- _REQUIREMENT_
Return the entries in full, exactly as written.

Saved data entries:
Segment Open
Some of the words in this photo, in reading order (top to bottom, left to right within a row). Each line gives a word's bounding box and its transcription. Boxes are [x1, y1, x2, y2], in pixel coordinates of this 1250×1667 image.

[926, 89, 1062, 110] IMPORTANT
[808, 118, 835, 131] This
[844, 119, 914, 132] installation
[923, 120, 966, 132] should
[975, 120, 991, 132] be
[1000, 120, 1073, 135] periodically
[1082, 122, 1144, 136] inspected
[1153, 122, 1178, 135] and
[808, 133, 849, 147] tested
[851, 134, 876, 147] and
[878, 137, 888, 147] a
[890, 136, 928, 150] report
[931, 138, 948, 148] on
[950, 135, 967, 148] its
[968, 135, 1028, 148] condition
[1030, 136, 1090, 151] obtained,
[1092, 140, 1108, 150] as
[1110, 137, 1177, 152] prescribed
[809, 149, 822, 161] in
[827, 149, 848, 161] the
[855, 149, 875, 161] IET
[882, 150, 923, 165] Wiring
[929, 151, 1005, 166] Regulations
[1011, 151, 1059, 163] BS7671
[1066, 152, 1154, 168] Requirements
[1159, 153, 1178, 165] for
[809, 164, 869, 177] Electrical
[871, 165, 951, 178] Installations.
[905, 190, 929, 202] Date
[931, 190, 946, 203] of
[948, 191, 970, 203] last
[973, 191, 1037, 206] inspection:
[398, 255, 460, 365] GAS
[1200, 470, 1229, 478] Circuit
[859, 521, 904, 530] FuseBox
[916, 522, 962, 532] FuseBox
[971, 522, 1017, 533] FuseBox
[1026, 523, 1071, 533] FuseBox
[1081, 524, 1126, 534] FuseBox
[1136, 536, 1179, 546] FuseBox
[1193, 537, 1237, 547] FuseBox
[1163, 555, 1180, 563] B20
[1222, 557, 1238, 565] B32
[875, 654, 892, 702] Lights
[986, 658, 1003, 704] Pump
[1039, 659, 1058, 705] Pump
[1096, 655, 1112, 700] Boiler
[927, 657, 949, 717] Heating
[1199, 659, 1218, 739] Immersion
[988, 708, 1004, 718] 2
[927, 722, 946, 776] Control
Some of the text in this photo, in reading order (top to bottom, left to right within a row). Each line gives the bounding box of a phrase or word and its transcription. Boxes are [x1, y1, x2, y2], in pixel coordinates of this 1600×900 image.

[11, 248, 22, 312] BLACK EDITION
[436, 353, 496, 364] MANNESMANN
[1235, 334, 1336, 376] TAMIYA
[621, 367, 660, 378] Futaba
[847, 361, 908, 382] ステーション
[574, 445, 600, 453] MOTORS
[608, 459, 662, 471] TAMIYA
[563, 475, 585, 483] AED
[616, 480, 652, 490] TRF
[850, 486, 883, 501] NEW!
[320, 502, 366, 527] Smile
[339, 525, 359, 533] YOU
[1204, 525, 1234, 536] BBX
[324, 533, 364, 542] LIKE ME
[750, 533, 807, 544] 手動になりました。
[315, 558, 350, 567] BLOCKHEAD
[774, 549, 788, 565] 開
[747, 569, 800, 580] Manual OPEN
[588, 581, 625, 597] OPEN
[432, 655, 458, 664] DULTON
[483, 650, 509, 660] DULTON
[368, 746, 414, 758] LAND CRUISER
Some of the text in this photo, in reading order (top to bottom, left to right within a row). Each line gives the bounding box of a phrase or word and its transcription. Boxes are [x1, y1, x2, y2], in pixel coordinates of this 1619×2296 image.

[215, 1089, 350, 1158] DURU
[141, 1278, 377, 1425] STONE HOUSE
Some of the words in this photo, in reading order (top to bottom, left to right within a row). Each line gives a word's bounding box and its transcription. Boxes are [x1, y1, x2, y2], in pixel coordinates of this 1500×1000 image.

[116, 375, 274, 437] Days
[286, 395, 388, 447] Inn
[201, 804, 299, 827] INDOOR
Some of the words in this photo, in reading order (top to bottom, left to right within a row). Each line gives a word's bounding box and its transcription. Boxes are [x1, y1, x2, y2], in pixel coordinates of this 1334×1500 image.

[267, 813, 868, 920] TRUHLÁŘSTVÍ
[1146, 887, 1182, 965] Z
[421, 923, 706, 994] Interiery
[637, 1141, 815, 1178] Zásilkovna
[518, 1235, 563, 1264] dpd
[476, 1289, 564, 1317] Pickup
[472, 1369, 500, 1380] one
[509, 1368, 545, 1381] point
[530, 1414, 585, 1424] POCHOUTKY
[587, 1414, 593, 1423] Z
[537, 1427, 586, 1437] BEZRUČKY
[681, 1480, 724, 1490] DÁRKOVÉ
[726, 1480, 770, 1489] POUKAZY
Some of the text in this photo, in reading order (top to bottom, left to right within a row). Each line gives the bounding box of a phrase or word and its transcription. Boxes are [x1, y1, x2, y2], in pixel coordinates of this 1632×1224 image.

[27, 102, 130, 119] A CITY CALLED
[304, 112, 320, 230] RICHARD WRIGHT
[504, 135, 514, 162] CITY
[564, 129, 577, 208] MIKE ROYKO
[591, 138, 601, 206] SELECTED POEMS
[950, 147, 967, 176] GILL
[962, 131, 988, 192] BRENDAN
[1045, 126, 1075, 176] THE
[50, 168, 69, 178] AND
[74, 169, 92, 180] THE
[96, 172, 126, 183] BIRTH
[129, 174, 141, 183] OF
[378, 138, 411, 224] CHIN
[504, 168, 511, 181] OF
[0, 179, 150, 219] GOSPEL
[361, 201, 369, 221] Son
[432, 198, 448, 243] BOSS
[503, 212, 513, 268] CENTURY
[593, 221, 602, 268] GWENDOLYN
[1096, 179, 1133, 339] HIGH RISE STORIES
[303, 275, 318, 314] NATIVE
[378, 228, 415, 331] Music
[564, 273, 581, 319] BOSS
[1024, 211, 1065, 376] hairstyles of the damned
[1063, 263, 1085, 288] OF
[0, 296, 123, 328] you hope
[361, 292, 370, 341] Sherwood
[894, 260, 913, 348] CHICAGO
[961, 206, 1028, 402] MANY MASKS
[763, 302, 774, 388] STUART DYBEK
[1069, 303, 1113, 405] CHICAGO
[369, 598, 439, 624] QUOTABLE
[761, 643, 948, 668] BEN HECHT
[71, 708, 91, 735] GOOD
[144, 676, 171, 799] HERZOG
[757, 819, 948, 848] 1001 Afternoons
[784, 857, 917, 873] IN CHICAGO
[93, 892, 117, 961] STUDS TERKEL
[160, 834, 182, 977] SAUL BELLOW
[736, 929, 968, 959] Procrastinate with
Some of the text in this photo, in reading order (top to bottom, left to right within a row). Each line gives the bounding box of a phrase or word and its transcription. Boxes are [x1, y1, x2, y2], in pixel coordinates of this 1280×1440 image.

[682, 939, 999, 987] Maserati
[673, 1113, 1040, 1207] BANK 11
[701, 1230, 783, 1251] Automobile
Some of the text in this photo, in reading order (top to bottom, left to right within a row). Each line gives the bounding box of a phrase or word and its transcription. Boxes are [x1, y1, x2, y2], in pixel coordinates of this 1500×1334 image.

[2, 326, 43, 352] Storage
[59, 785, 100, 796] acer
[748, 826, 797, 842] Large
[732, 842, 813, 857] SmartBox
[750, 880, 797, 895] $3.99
Segment Closed
- _ANSWER SECTION_
Some of the words in this photo, in reading order (top to bottom, left to right within a row). Each line gives a word's bounding box and its transcription. Boxes are [x1, y1, x2, y2], in pixel coordinates of this 1250×1667 image.

[926, 89, 1062, 110] IMPORTANT
[808, 118, 835, 131] This
[844, 119, 914, 132] installation
[923, 120, 966, 132] should
[975, 120, 991, 132] be
[1000, 120, 1073, 135] periodically
[1082, 122, 1144, 136] inspected
[1153, 122, 1178, 135] and
[808, 133, 849, 147] tested
[851, 134, 876, 147] and
[878, 137, 888, 147] a
[890, 136, 928, 150] report
[931, 138, 948, 148] on
[950, 135, 967, 148] its
[968, 135, 1028, 148] condition
[1030, 136, 1090, 151] obtained,
[1092, 140, 1108, 150] as
[1110, 137, 1177, 152] prescribed
[809, 149, 822, 161] in
[827, 149, 848, 161] the
[855, 149, 875, 161] IET
[882, 150, 923, 165] Wiring
[929, 151, 1005, 166] Regulations
[1011, 151, 1059, 163] BS7671
[1066, 152, 1154, 168] Requirements
[1159, 153, 1178, 165] for
[809, 164, 869, 177] Electrical
[871, 165, 951, 178] Installations.
[905, 190, 929, 202] Date
[931, 190, 946, 203] of
[948, 191, 970, 203] last
[973, 191, 1037, 206] inspection:
[398, 255, 460, 365] GAS
[1200, 470, 1229, 478] Circuit
[859, 521, 904, 530] FuseBox
[916, 522, 962, 532] FuseBox
[971, 522, 1017, 533] FuseBox
[1026, 523, 1071, 533] FuseBox
[1081, 524, 1126, 534] FuseBox
[1136, 536, 1179, 546] FuseBox
[1193, 537, 1237, 547] FuseBox
[1163, 555, 1180, 563] B20
[1222, 557, 1238, 565] B32
[875, 654, 892, 702] Lights
[986, 658, 1003, 704] Pump
[1039, 659, 1058, 705] Pump
[1096, 655, 1112, 700] Boiler
[927, 657, 949, 717] Heating
[1199, 659, 1218, 739] Immersion
[988, 708, 1004, 718] 2
[927, 722, 946, 776] Control
Some of the text in this photo, in reading order (top to bottom, left to right within a row). Each line gives the bounding box of a phrase or word and its transcription. Boxes are [x1, y1, x2, y2], in pixel coordinates of this 1600×900 image.

[11, 248, 22, 312] BLACK EDITION
[436, 353, 496, 364] MANNESMANN
[1235, 334, 1336, 376] TAMIYA
[621, 367, 660, 378] Futaba
[847, 361, 908, 382] ステーション
[574, 445, 600, 453] MOTORS
[608, 459, 662, 471] TAMIYA
[563, 475, 585, 483] AED
[616, 480, 652, 490] TRF
[850, 486, 883, 501] NEW!
[320, 502, 366, 527] Smile
[339, 525, 359, 533] YOU
[1204, 525, 1234, 536] BBX
[324, 533, 364, 542] LIKE ME
[750, 533, 807, 544] 手動になりました。
[315, 558, 350, 567] BLOCKHEAD
[774, 549, 788, 565] 開
[747, 569, 800, 580] Manual OPEN
[588, 581, 625, 597] OPEN
[432, 655, 458, 664] DULTON
[483, 650, 509, 660] DULTON
[368, 746, 414, 758] LAND CRUISER
Some of the text in this photo, in reading order (top to bottom, left to right within a row). Each line gives the bounding box of a phrase or word and its transcription. Boxes are [x1, y1, x2, y2], in pixel coordinates of this 1619×2296 image.

[215, 1089, 350, 1158] DURU
[141, 1278, 377, 1425] STONE HOUSE
Some of the words in this photo, in reading order (top to bottom, left to right within a row). Each line gives a word's bounding box and its transcription. Boxes are [x1, y1, x2, y2], in pixel coordinates of this 1500×1000 image.

[116, 375, 274, 437] Days
[286, 395, 388, 447] Inn
[201, 804, 299, 827] INDOOR
Some of the words in this photo, in reading order (top to bottom, left to right within a row). Each line gives a word's bounding box and its transcription. Boxes are [x1, y1, x2, y2], in pixel coordinates of this 1334×1500 image.

[267, 813, 868, 920] TRUHLÁŘSTVÍ
[1146, 887, 1182, 965] Z
[421, 923, 706, 994] Interiery
[637, 1141, 815, 1178] Zásilkovna
[518, 1235, 563, 1264] dpd
[476, 1289, 564, 1317] Pickup
[472, 1369, 500, 1380] one
[509, 1368, 545, 1381] point
[530, 1414, 585, 1424] POCHOUTKY
[587, 1414, 593, 1423] Z
[537, 1427, 586, 1437] BEZRUČKY
[681, 1480, 724, 1490] DÁRKOVÉ
[726, 1480, 770, 1489] POUKAZY
Some of the text in this photo, in reading order (top to bottom, left to right within a row). Each line gives the bounding box of a phrase or word and its transcription. Boxes are [x1, y1, x2, y2], in pixel coordinates of this 1632×1224 image.

[27, 102, 130, 119] A CITY CALLED
[304, 112, 320, 230] RICHARD WRIGHT
[504, 135, 514, 162] CITY
[564, 129, 577, 208] MIKE ROYKO
[591, 138, 601, 206] SELECTED POEMS
[950, 147, 967, 176] GILL
[962, 131, 988, 192] BRENDAN
[1045, 126, 1075, 176] THE
[50, 168, 69, 178] AND
[74, 169, 92, 180] THE
[96, 172, 126, 183] BIRTH
[129, 174, 141, 183] OF
[378, 138, 411, 224] CHIN
[504, 168, 511, 181] OF
[0, 179, 150, 219] GOSPEL
[361, 201, 369, 221] Son
[432, 198, 448, 243] BOSS
[503, 212, 513, 268] CENTURY
[593, 221, 602, 268] GWENDOLYN
[1096, 179, 1133, 339] HIGH RISE STORIES
[303, 275, 318, 314] NATIVE
[378, 228, 415, 331] Music
[564, 273, 581, 319] BOSS
[1024, 211, 1065, 376] hairstyles of the damned
[1063, 263, 1085, 288] OF
[0, 296, 123, 328] you hope
[361, 292, 370, 341] Sherwood
[894, 260, 913, 348] CHICAGO
[961, 206, 1028, 402] MANY MASKS
[763, 302, 774, 388] STUART DYBEK
[1069, 303, 1113, 405] CHICAGO
[369, 598, 439, 624] QUOTABLE
[761, 643, 948, 668] BEN HECHT
[71, 708, 91, 735] GOOD
[144, 676, 171, 799] HERZOG
[757, 819, 948, 848] 1001 Afternoons
[784, 857, 917, 873] IN CHICAGO
[93, 892, 117, 961] STUDS TERKEL
[160, 834, 182, 977] SAUL BELLOW
[736, 929, 968, 959] Procrastinate with
Some of the text in this photo, in reading order (top to bottom, left to right within a row). Each line gives the bounding box of a phrase or word and its transcription. Boxes are [x1, y1, x2, y2], in pixel coordinates of this 1280×1440 image.

[682, 939, 999, 987] Maserati
[673, 1113, 1040, 1207] BANK 11
[701, 1230, 783, 1251] Automobile
Some of the text in this photo, in reading order (top to bottom, left to right within a row). Each line gives the bounding box of a phrase or word and its transcription. Boxes are [x1, y1, x2, y2], in pixel coordinates of this 1500×1334 image.

[2, 326, 43, 352] Storage
[59, 785, 100, 796] acer
[748, 826, 797, 842] Large
[732, 842, 813, 857] SmartBox
[750, 880, 797, 895] $3.99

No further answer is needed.